§ **Problem description**:
From top to bottom, return the listing exactly as it appears, omitting its images.
───── Dataset extract
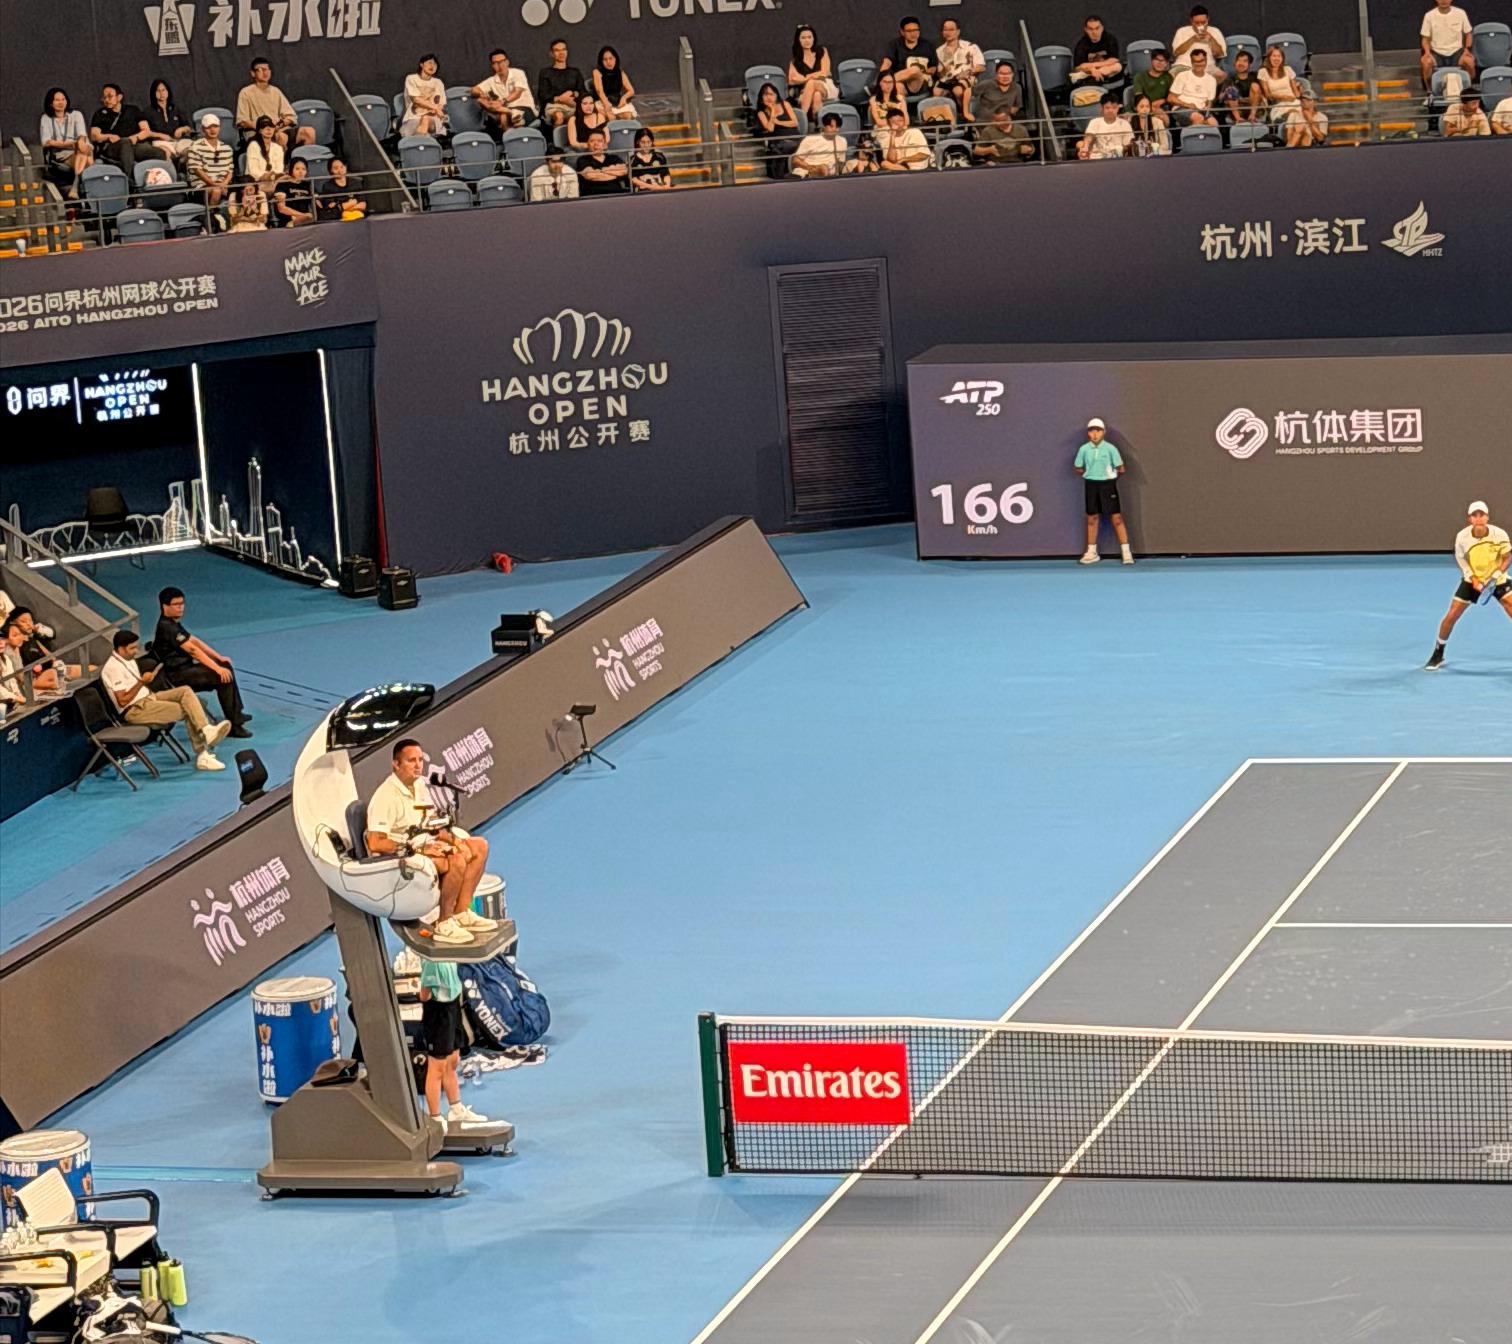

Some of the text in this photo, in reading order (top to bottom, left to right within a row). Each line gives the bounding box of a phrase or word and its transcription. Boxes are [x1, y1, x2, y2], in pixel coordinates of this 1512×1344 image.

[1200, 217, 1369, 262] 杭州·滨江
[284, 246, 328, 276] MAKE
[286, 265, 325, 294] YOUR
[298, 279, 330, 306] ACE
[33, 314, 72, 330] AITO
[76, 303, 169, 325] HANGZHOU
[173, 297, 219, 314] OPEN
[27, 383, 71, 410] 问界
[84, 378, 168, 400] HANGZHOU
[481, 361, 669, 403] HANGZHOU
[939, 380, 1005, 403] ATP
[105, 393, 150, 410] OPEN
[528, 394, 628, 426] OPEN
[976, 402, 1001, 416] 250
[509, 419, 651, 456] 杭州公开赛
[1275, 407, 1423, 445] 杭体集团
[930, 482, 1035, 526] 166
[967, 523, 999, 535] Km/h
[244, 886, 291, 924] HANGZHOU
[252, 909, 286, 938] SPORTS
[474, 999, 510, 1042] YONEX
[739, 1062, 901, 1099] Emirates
──────────
§ **Result for this task**:
Some of the text in this photo, in reading order (top to bottom, left to right within a row). Each line gives the bounding box of a phrase or word and its transcription. Boxes are [x1, y1, x2, y2], in pixel coordinates of this 1512×1344 image.

[1200, 217, 1369, 262] 杭州·滨江
[284, 246, 328, 276] MAKE
[286, 265, 325, 294] YOUR
[298, 279, 330, 306] ACE
[33, 314, 72, 330] AITO
[76, 303, 169, 325] HANGZHOU
[173, 297, 219, 314] OPEN
[27, 383, 71, 410] 问界
[84, 378, 168, 400] HANGZHOU
[481, 361, 669, 403] HANGZHOU
[939, 380, 1005, 403] ATP
[105, 393, 150, 410] OPEN
[528, 394, 628, 426] OPEN
[976, 402, 1001, 416] 250
[509, 419, 651, 456] 杭州公开赛
[1275, 407, 1423, 445] 杭体集团
[930, 482, 1035, 526] 166
[967, 523, 999, 535] Km/h
[244, 886, 291, 924] HANGZHOU
[252, 909, 286, 938] SPORTS
[474, 999, 510, 1042] YONEX
[739, 1062, 901, 1099] Emirates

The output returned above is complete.